The lines from the one holding "this 1428×1071 image." to the end of the records below, exactly as written, are the only thing to return.

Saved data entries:
==*==

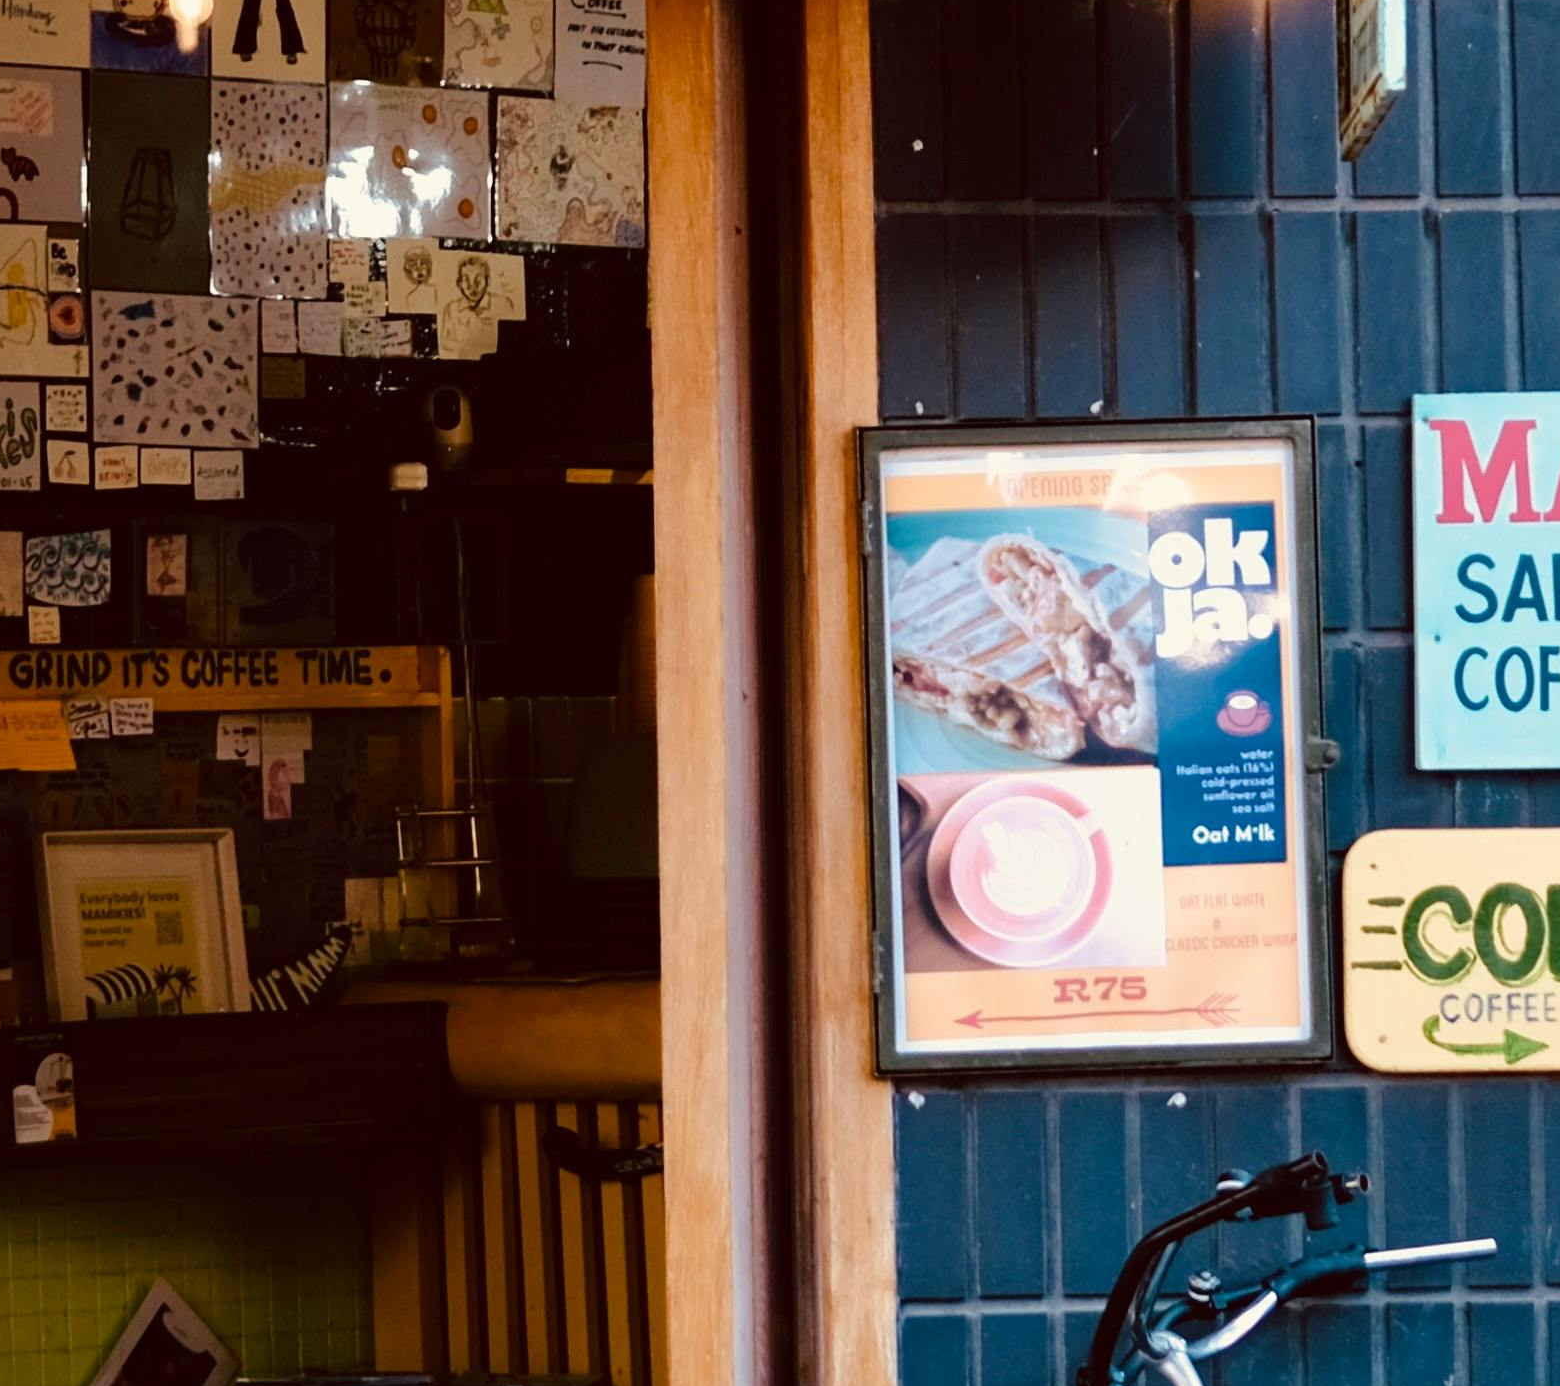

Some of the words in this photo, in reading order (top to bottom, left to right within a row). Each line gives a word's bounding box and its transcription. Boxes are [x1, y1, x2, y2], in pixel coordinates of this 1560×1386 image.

[1148, 518, 1271, 588] ok
[9, 651, 112, 688] GRIND
[123, 651, 170, 687] IT'S
[181, 649, 278, 688] COFFEE
[1216, 764, 1240, 774] oats
[1201, 775, 1274, 789] cold-pressed
[1203, 791, 1256, 802] sunflower
[1260, 789, 1275, 799] oil
[1232, 804, 1252, 813] sea
[1192, 824, 1229, 844] Oat
[80, 892, 144, 906] Everybody
[1166, 936, 1209, 952] CLASSIC
[1213, 934, 1259, 950] CHICKEN
[1053, 974, 1148, 1004] R75
[1439, 990, 1557, 1024] COFFEE
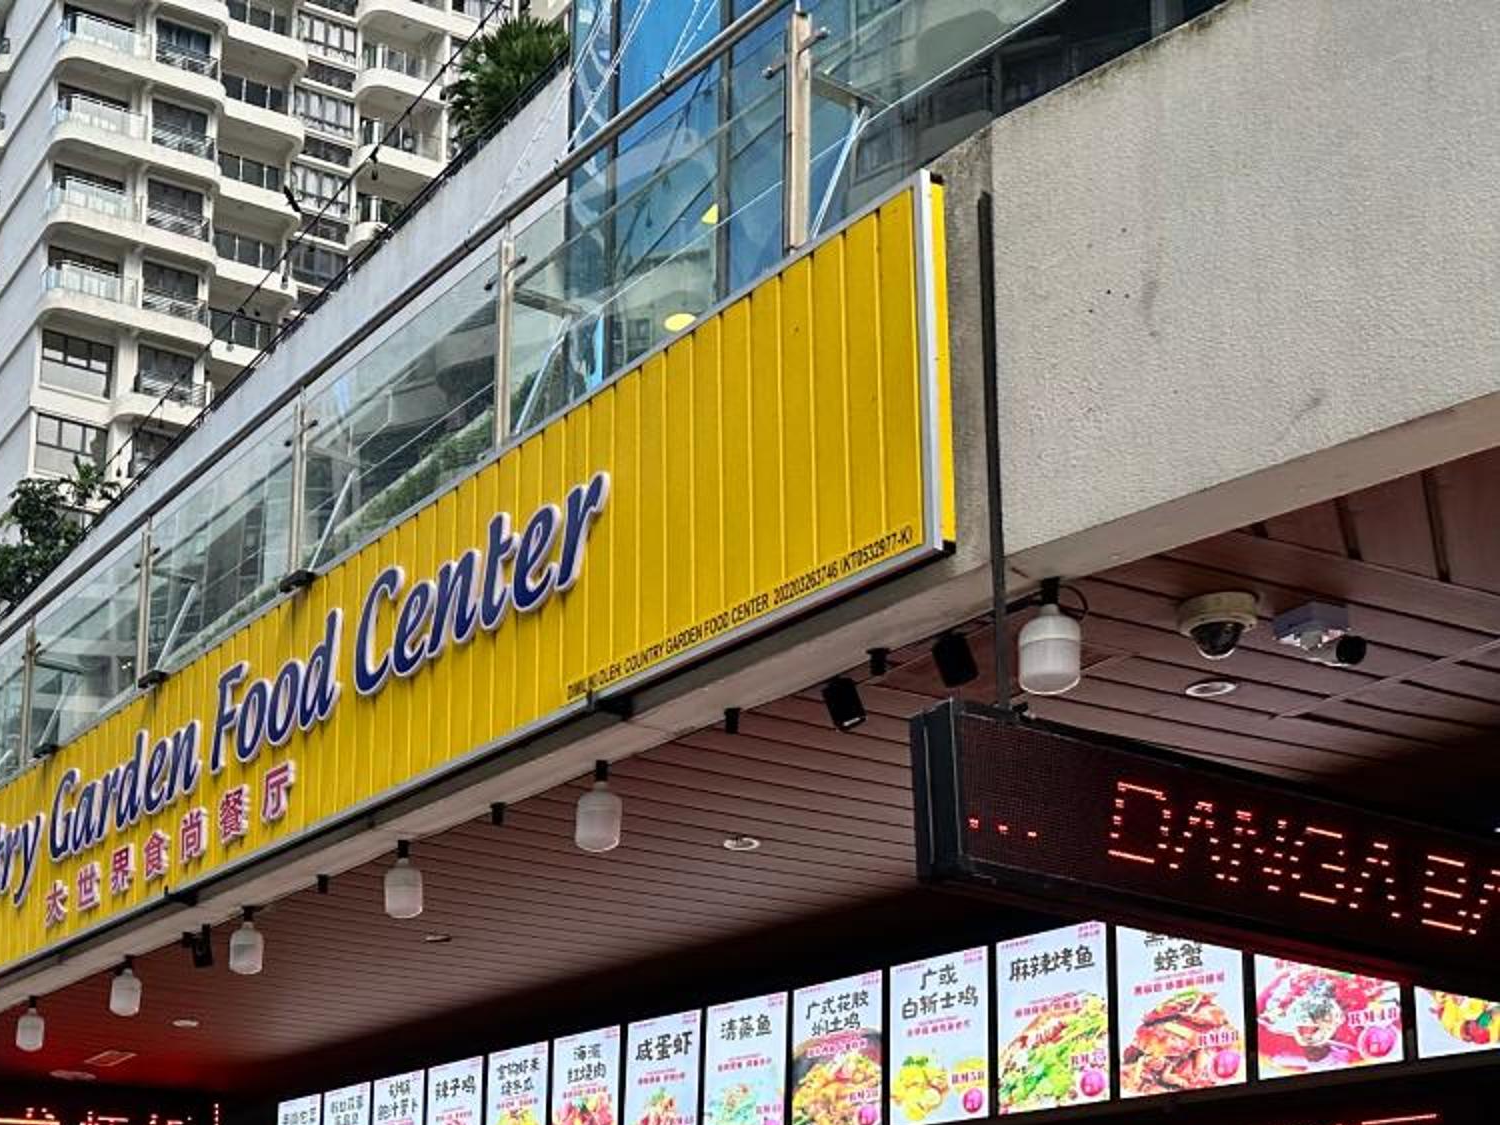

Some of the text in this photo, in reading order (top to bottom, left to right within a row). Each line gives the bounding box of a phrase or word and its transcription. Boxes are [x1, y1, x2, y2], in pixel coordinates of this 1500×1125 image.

[50, 719, 203, 864] Garden
[210, 608, 343, 774] Food
[353, 470, 612, 696] Center
[624, 641, 664, 674] COUNTRY
[665, 622, 703, 655] GARDEN
[703, 611, 730, 638] FOOD
[731, 593, 769, 625] CENTER
[44, 758, 297, 925] 大世界食尚餐厅
[1107, 780, 1401, 920] DANGA
[1009, 944, 1097, 982] 麻辣烤鱼
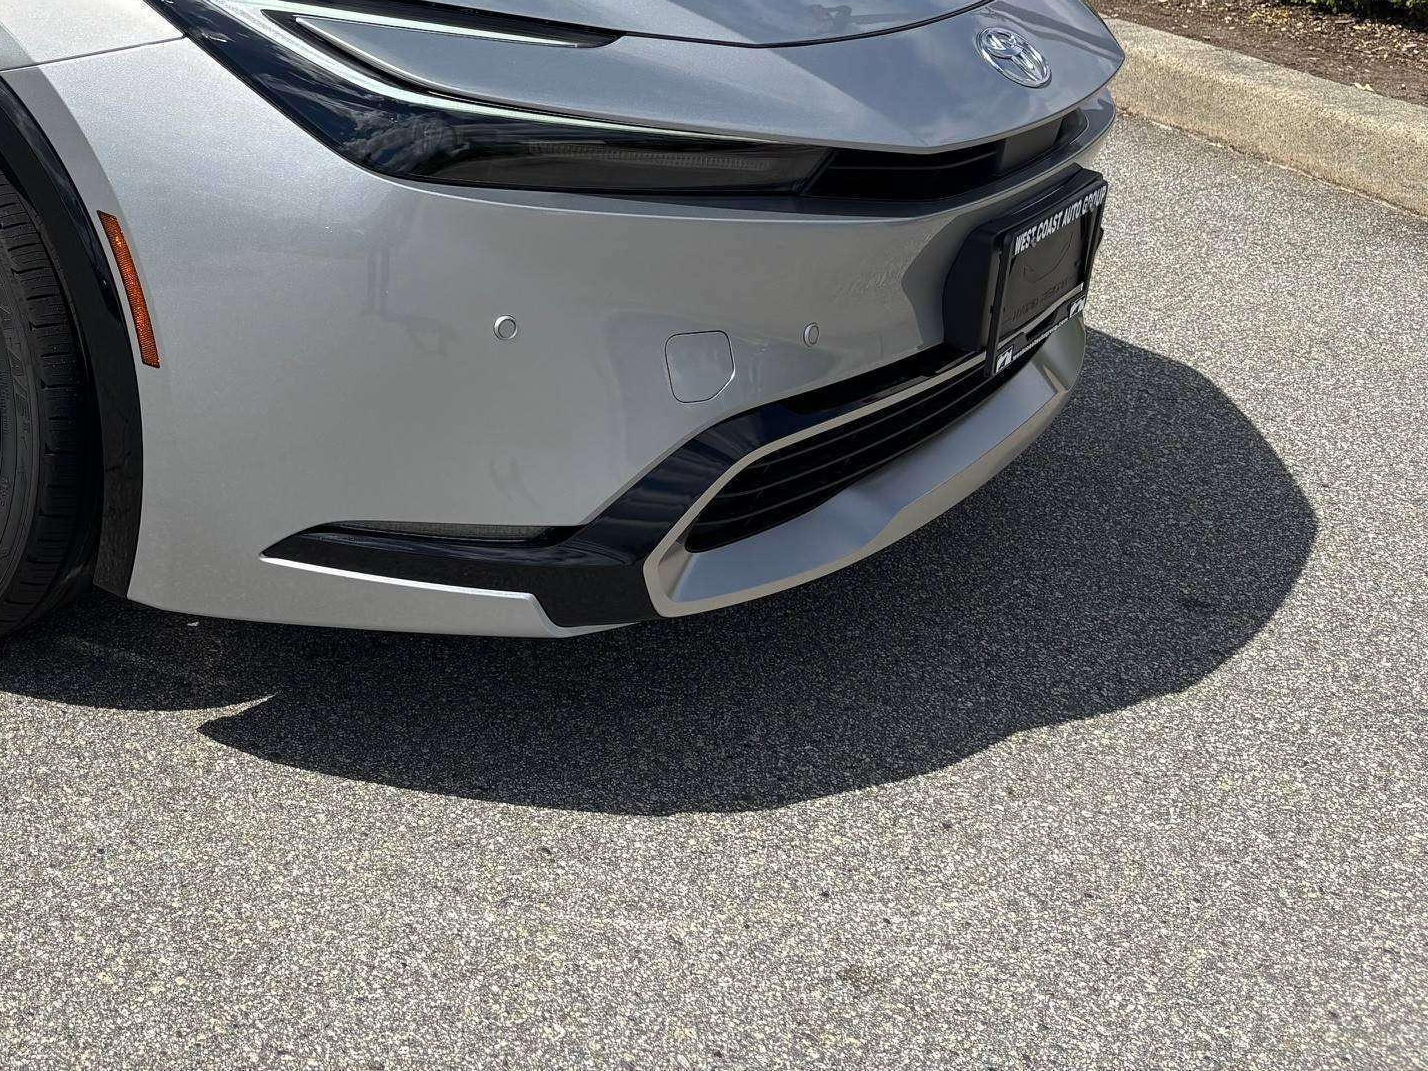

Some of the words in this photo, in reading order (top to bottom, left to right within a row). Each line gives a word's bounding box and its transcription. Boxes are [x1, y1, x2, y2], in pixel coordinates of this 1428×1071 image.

[1014, 226, 1038, 256] WEST
[1036, 211, 1064, 242] COAST
[1062, 199, 1083, 228] AUTO

==*==

YOUR SOLUTION »
Some of the words in this photo, in reading order (top to bottom, left to right within a row). Each line gives a word's bounding box and its transcription. Boxes are [x1, y1, x2, y2], in pixel coordinates of this 1428×1071 image.

[1014, 226, 1038, 256] WEST
[1036, 211, 1064, 242] COAST
[1062, 199, 1083, 228] AUTO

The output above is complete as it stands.